#### Material shown

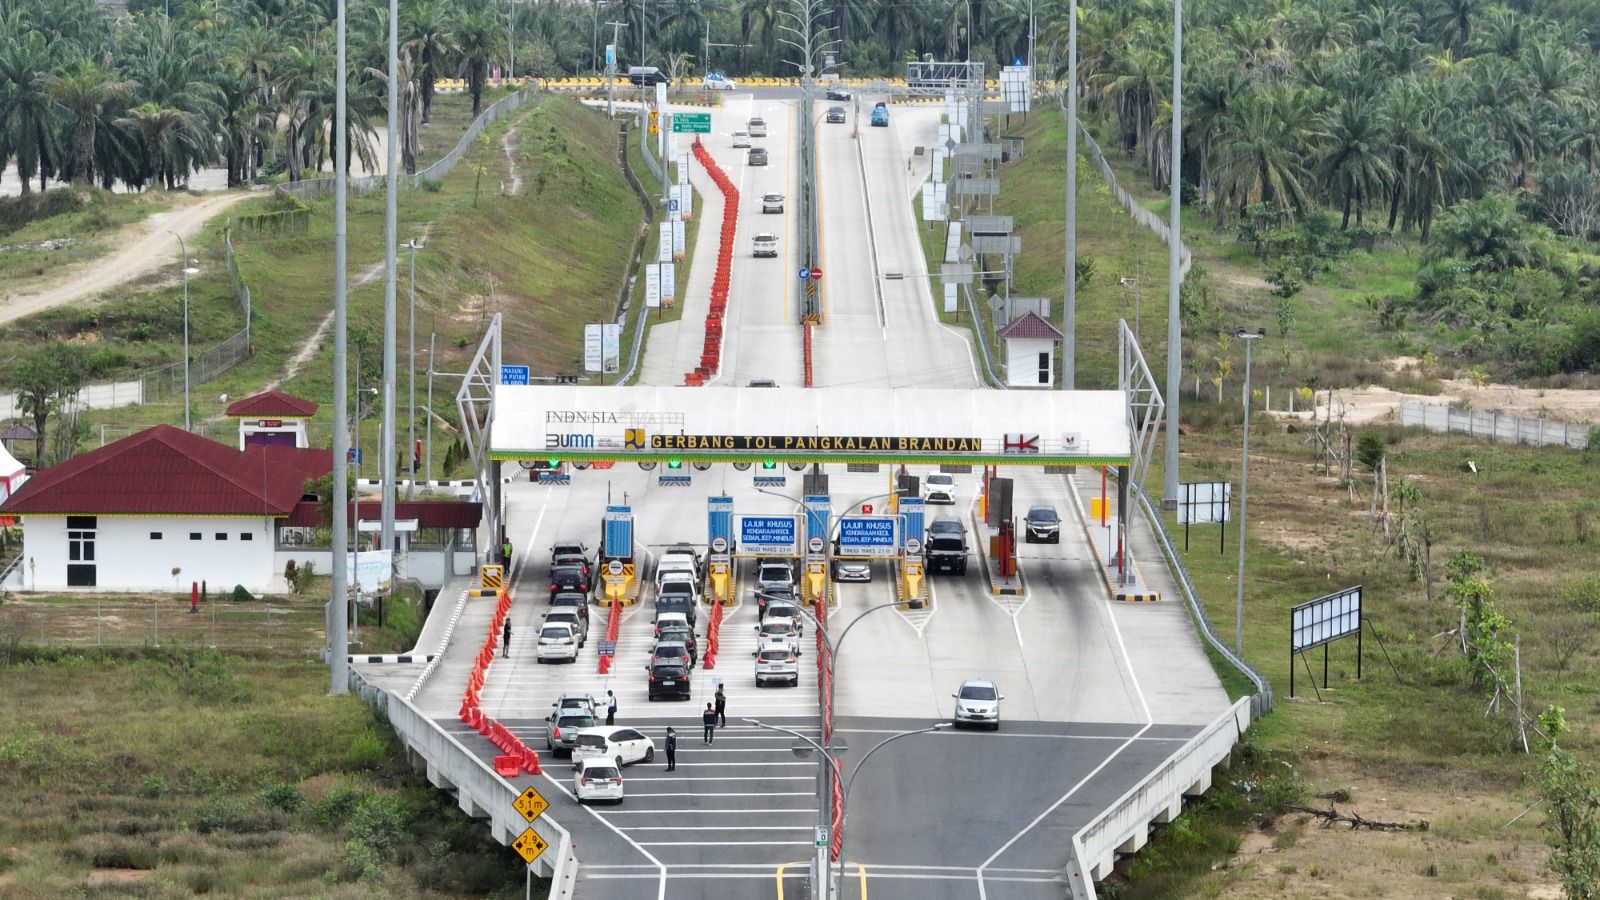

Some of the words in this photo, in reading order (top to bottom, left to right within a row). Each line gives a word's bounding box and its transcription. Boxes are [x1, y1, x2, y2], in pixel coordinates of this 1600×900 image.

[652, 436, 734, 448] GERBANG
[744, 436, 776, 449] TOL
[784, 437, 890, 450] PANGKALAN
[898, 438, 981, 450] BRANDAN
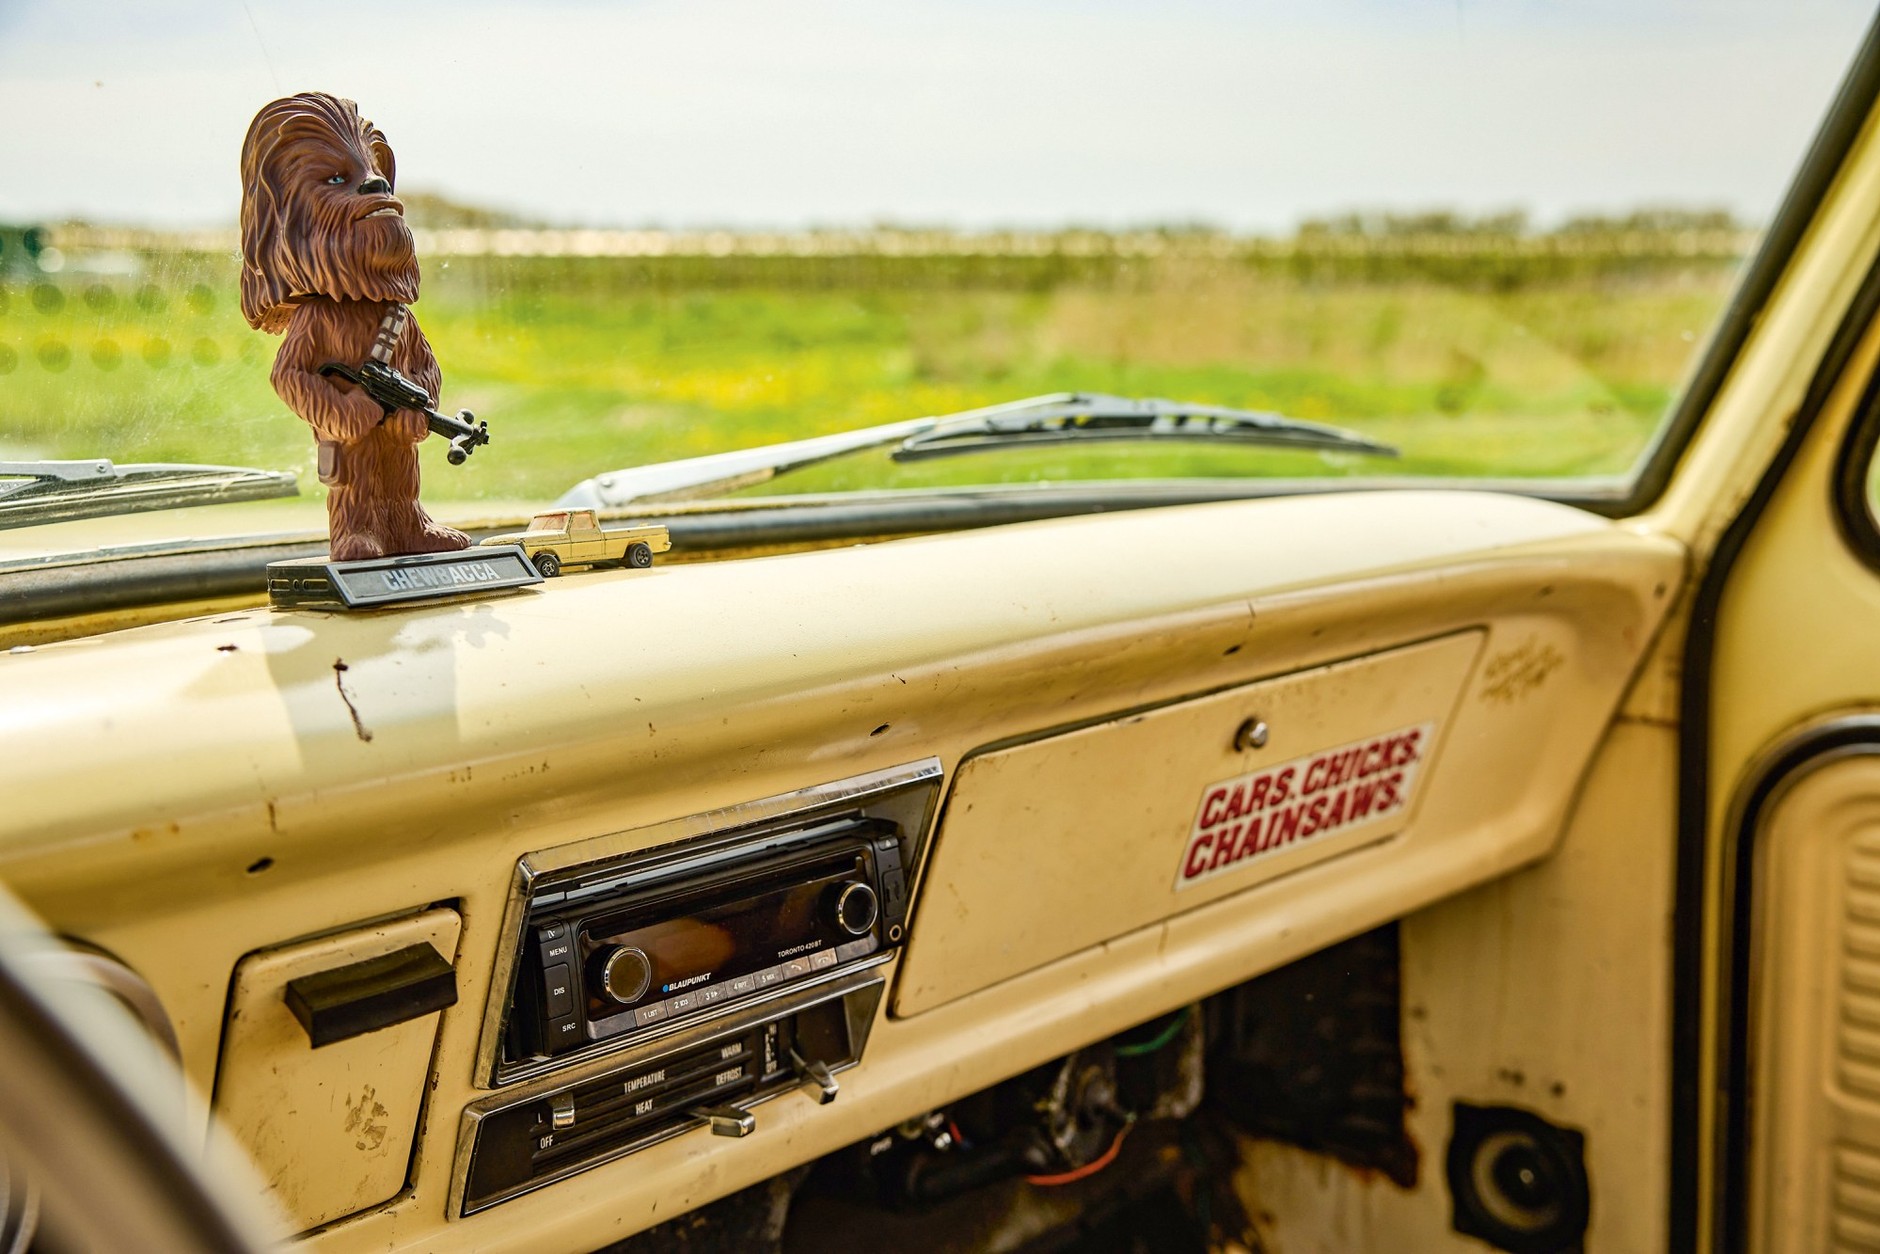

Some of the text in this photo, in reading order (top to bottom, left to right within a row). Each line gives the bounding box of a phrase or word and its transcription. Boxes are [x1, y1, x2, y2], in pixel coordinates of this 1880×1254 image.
--
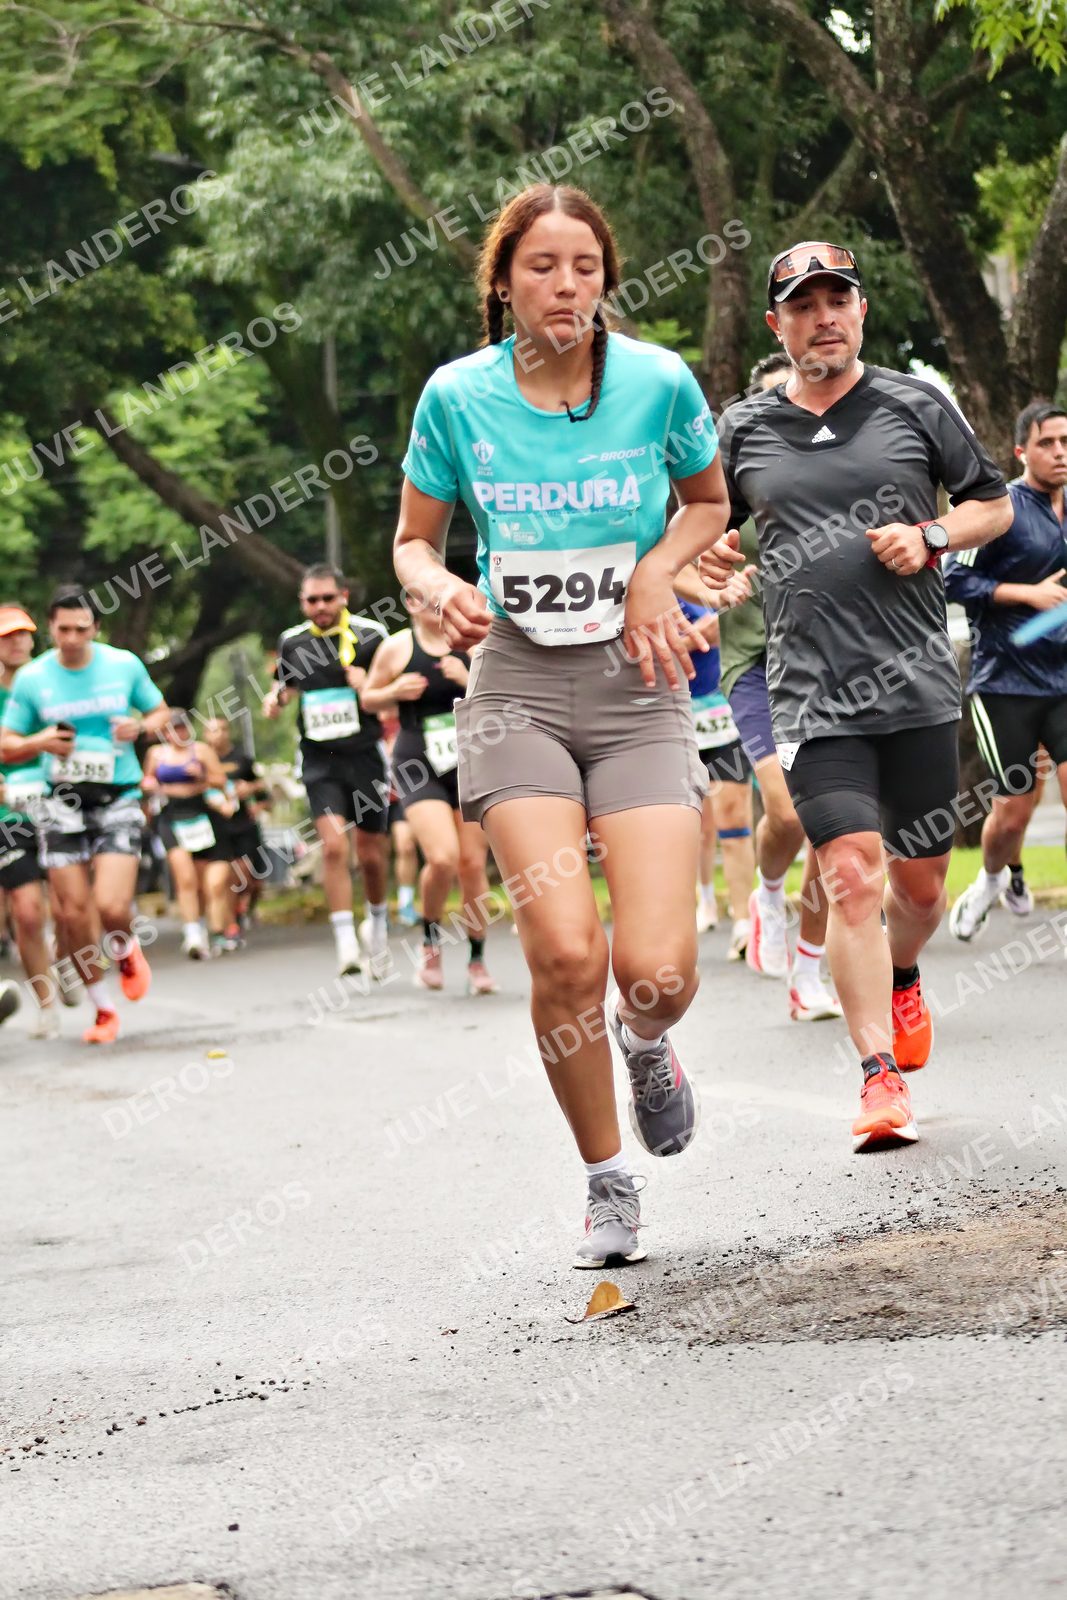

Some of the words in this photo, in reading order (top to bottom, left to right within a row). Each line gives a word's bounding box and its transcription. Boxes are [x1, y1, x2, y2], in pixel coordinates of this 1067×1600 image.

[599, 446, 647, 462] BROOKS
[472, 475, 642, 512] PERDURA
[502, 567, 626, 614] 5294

#### Try it
Going back to the data above, write out everything from the line with "this 1600×900 image." down to the line with "Some of the text", both included, leaving every picture out.

#### Solution
Some of the words in this photo, in reading order (top to bottom, left to right within a row). Each line gives a word's bounding box and its transcription. Boxes are [x1, y1, x2, y2], in pixel coordinates of this 1600×900 image.

[652, 436, 734, 448] GERBANG
[744, 436, 776, 449] TOL
[784, 437, 890, 450] PANGKALAN
[898, 438, 981, 450] BRANDAN

Some of the text in this photo, in reading order (top to bottom, left to right within a row). Each line gives the bounding box of a phrase or word and its transcription. Boxes are [x1, y1, x2, y2], in pixel coordinates of this 1880×1254 image.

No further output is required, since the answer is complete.